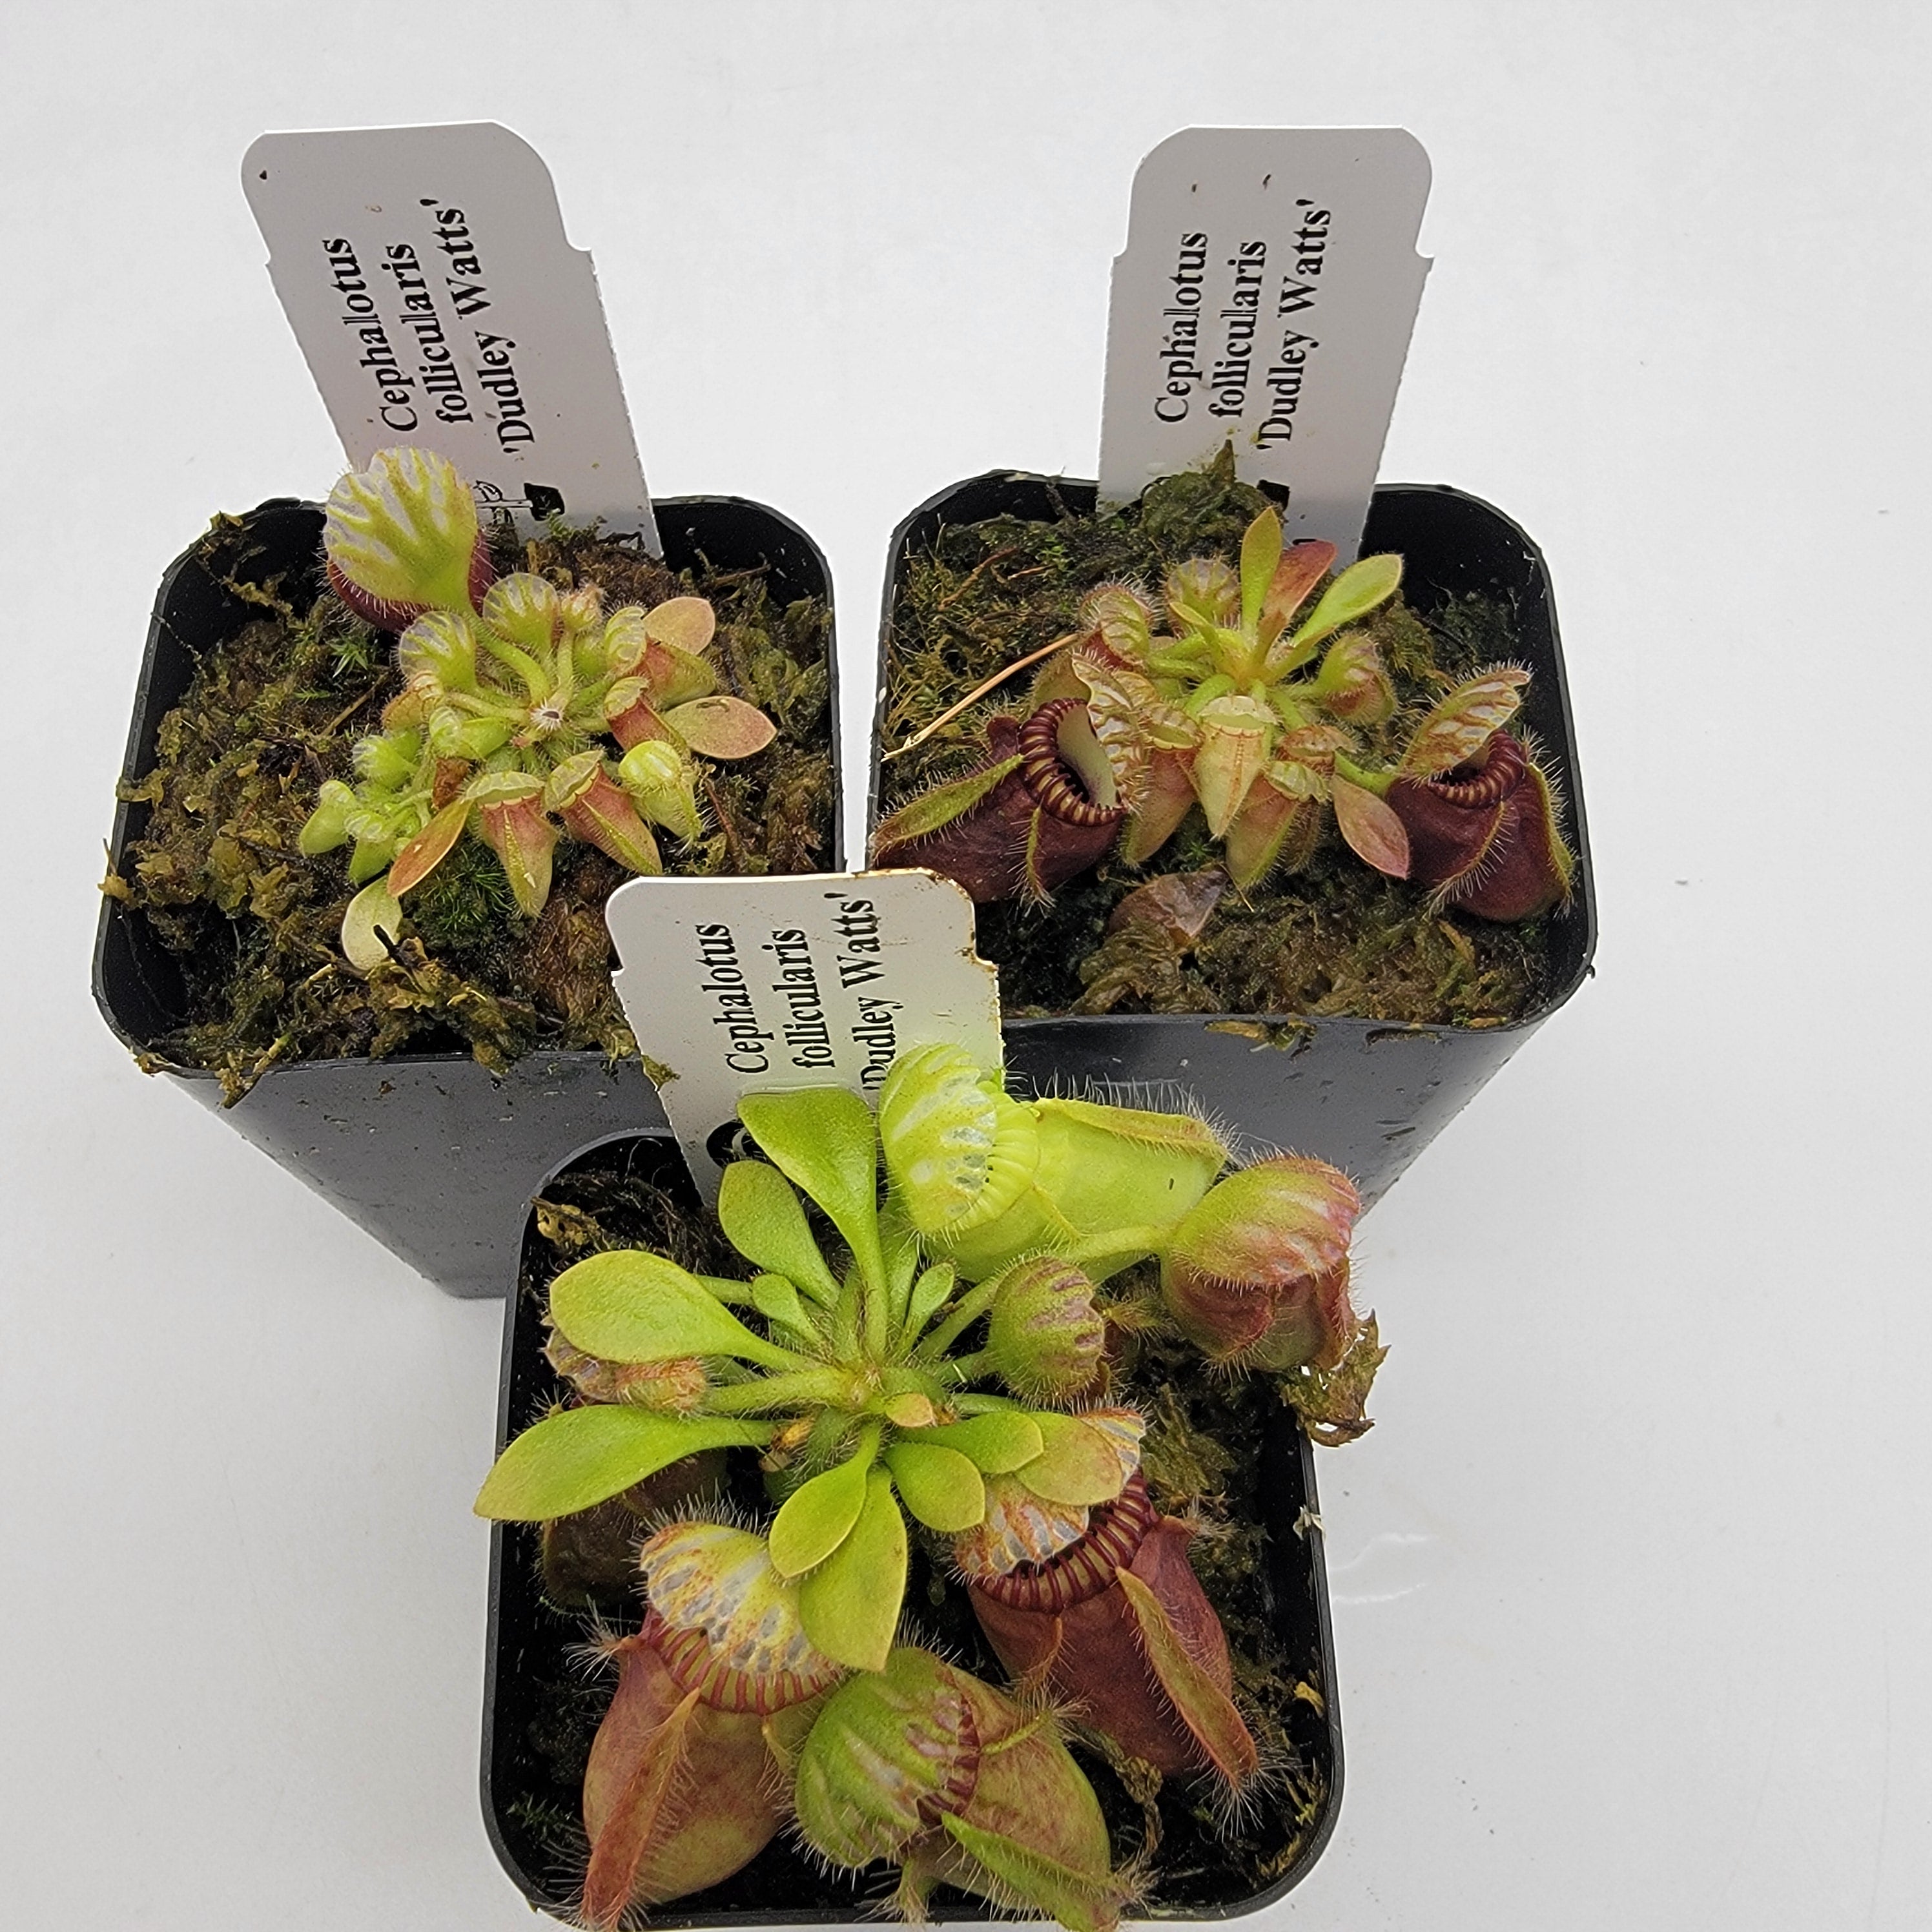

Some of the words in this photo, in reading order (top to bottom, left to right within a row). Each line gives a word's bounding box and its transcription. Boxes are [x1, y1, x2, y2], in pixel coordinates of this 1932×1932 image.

[420, 198, 491, 320] Watts'
[1155, 232, 1208, 423] Cephalotus
[1277, 198, 1331, 318] Watts'
[323, 238, 417, 431] Cephalotus
[382, 243, 473, 423] follicularis
[475, 331, 535, 453] 'Dudley
[1208, 240, 1267, 418] follicularis
[1257, 330, 1319, 450] 'Dudley
[695, 924, 774, 1073] Cephalotus
[762, 929, 836, 1069] follicularis
[823, 892, 886, 989] Watts'

> ABOUT THIS TASK:
Please transcribe all of the records above exactly, leaving out any pictures.

> ANSWER BOX:
Some of the words in this photo, in reading order (top to bottom, left to right within a row). Each line gives a word's bounding box and its transcription. Boxes are [x1, y1, x2, y2], in pixel coordinates of this 1932×1932 image.

[420, 198, 491, 320] Watts'
[1155, 232, 1208, 423] Cephalotus
[1277, 198, 1331, 318] Watts'
[323, 238, 417, 431] Cephalotus
[382, 243, 473, 423] follicularis
[475, 331, 535, 453] 'Dudley
[1208, 240, 1267, 418] follicularis
[1257, 330, 1319, 450] 'Dudley
[695, 924, 774, 1073] Cephalotus
[762, 929, 836, 1069] follicularis
[823, 892, 886, 989] Watts'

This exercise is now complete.